In one another case Mardia Chemicals Ltd., and others v. Union of India and others, wherein the Supreme Court held as follows:

It must be consider as to what forums or remedies are available to the borrower to ventilate his grievance. The Supreme Court in Mardia Chemicals Ltd., very clearly stated that before proceeding to take measures under Section 13(4) of the Act the borrower should be apprised of the reasons for not accepting their objections or points raised in their reply to the notice served upon them under Section 13(2) of the Act.
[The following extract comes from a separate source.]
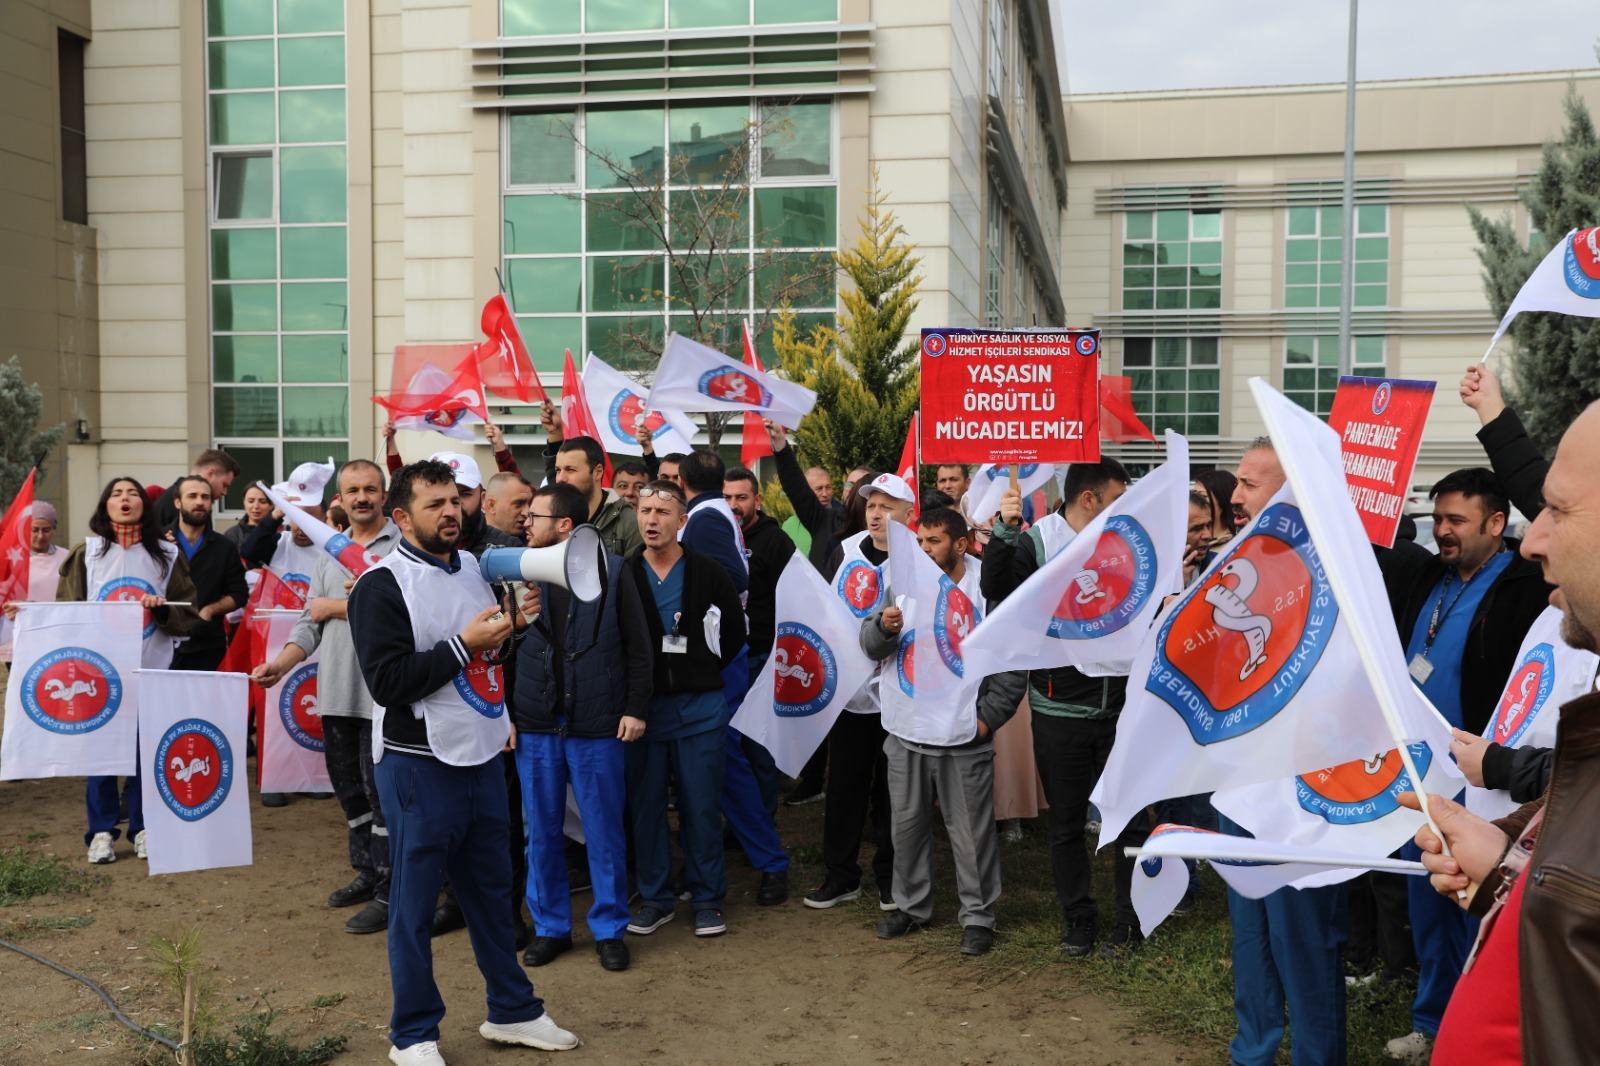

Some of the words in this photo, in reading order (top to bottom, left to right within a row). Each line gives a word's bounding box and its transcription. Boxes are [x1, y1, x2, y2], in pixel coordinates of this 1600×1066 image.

The observation made by the Supreme Court with respect to the reply has to be considered in the light of the challenge made by the borrower against taking drastic measures under Section 13(4) without an opportunity to submit their version. Therefore, the Supreme Court very categorically stated that before proceeding to take measures, the reply notice must be served. Parliament by prescribing a short period of seven days to give a reply, wanted the Banks to Act swiftly so on to enable them to take further proceedings under Section 13(4) of the Act. the Supreme Court also stated that reasons given by the Banks for not accepting the objections raised by the borrower would not be a ground to challenge the proceedings.
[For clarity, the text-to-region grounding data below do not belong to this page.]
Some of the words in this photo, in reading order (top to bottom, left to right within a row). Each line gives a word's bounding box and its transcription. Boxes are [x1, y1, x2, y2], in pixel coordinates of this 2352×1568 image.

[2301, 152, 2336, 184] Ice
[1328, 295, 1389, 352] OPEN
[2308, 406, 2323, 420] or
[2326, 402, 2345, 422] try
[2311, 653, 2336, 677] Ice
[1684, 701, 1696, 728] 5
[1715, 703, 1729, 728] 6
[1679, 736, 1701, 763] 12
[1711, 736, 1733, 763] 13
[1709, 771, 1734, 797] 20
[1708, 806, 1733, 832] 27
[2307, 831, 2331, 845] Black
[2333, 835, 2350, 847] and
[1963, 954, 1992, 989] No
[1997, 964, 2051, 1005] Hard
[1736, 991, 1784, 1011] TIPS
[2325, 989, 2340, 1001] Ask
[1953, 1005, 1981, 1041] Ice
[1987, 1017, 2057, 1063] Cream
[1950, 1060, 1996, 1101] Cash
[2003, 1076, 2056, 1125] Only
The Supreme Court further held that it is necessary to communicate the reason for not accepting the objections raised by the borrower in reply to notice under Section 13(2) of the Act. in the said case two substantial contentions were raised on behalf of the borrowers before the Supreme Court the first being the absence of an adjudicatory mechanism available to the borrowers and the second relates to the denial of an opportunity to state their case before issuance of a notice under Section 13(2) of SARFAESI Act. The Parliament wanted the Banks and Financial Institution to recover the dues after giving a reasonable opportunity to the borrowers.

Section 13(3-A) inserted by amending Act 30 of 2004 after the judgment of the Court in Mardia Chemicals (supra). in Transcoder. Union of India and another, wherein the Supreme Court has held that the borrower is permitted to make representation/objection to the secured creditor against classification of his account as NPA. He can also object to the amount due if so advised. Under Section 13(3-A), if the bank/FI comes to the conclusion that such objection is not acceptable, it shall communicate within one week the reasons for non-acceptance of the representative/objection. The scheme of sub-section (2). (3) And (3-A) of Section 13 of. NPA Act shows that the notice under Section 13(2) is not merely a show cause notice, it is a notice of demand.

The SARFAESI Act made for speedy recovery of the debts to the Banks and Financial Institutions. Section 13(3-A) is one such provision which mandates consideration of their objections. The borrowers must be in a position to know the reasons which made the Bank to reject their objections on proposals. Section 13(3-A) if considered in the light and in the factual background of the judgment in Mardia Chemicals Ltd., would lead to no other conclusion that the requirement of sending a reply within a period of one week is mandatory in nature.